EASST-4S 2024 open panel: Body, intuition and perception in arts-based interventions in decolonial environmental STS epistemologies and pedagogies

                Are you a scholar, artist or practitioner interested in the connections
between the body, intuition and arts practice as a way to imagine
decolonial environmental futures? If so, we invite your contributions to
our panel at next year’s EASST-4S conference at Amsterdam.

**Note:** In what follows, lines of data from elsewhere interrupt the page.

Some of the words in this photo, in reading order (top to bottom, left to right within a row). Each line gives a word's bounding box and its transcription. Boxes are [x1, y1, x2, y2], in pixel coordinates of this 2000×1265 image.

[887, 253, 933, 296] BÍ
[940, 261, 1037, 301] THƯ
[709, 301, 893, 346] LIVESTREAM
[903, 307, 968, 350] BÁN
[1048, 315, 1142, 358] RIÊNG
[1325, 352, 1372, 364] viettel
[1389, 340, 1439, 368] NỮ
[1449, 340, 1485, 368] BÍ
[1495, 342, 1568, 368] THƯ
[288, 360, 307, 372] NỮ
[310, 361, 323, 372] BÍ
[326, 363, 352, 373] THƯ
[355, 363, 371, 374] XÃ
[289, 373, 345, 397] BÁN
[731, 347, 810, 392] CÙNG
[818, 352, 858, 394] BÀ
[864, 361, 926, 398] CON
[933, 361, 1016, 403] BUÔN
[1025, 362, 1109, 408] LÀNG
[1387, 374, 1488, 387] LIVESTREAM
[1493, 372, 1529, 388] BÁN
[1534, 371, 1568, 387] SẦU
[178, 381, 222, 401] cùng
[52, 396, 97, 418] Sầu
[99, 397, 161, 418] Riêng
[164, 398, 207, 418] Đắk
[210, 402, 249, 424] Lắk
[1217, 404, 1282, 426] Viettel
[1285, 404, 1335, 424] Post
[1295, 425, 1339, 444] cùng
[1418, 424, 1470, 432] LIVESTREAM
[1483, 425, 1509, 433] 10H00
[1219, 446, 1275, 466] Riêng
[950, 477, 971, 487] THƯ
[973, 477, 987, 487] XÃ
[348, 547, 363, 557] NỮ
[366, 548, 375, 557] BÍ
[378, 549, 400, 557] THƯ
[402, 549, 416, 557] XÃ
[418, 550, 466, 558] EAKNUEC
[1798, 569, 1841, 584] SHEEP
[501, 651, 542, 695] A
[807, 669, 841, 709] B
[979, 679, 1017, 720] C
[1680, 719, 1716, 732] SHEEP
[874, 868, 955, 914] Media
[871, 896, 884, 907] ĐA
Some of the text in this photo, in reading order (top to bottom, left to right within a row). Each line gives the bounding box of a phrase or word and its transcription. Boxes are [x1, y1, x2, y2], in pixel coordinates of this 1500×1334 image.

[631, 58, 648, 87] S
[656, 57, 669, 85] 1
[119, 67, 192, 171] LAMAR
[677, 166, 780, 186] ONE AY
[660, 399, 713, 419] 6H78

Body, intuition and perception in arts-based interventions in decolonial
environmental STS epistemologies and pedagogies

Convenors: Aadita Chaudhury (York University), Rita Valencia (CIESAS
Sureste)

Short Abstract:
Inspired by underexplored aspects of artistic practice and its role in
environmental research, this panel invites traditional papers, artworks and
other creative interventions that examine the place of intuition in
creating a more emancipatory vision of a decolonial environmental STS.

Long Abstract:
The body, perception and intuition can help scientific practitioners engage
with the environment beyond Cartesian dualism separating mind from body.
However, to achieve social transformation, we must reconnect with our
collective sorrows and hopes in a world plagued by war and climate
disaster. It is necessary to go beyond the constant sense of numbness or
the belief that techno-fixes or disciplinary specialists will change what
has as its basis the ontology of separation, competition and individualism,
characteristic of Colonial Modernity (Quijano, 2001). Therefore
decoloniality is a central tenet of this creative intervention. The body’s
relationship to the environment has been ruptured through environmental
harms, colonialism, and cultural conditioning resulting from Cartesian
dualism (Scott 2015; Short 2022; Kowal, Radin, and Reardon 2013).
Consequently, webs of relationality with more-than-human worlds are also
disrupted. Arts practice can work to mend some of these ruptures. For
researchers in science and technology studies (STS), the idea of an
environmental imaginary driven by body-/intuition-based epistemologies
becomes compelling.

We are interested in several ways that intuition, embodiment and perception
may guide environmental inquiry. Tacit knowledges and forms of embodiment
are vital to exploring relationships and encounters between global economic
cores and broader peripheral zones, as well as inter/intra-actions between
peripheral zones. Artistic interventions may be used to map out these
encounters and provide possibilities of practice against the hegemony of
imperial power relations. Rather than global cultures of institutional
science, it is often locally-situated artistic interventions that carry the
potential to subvert normative power structures.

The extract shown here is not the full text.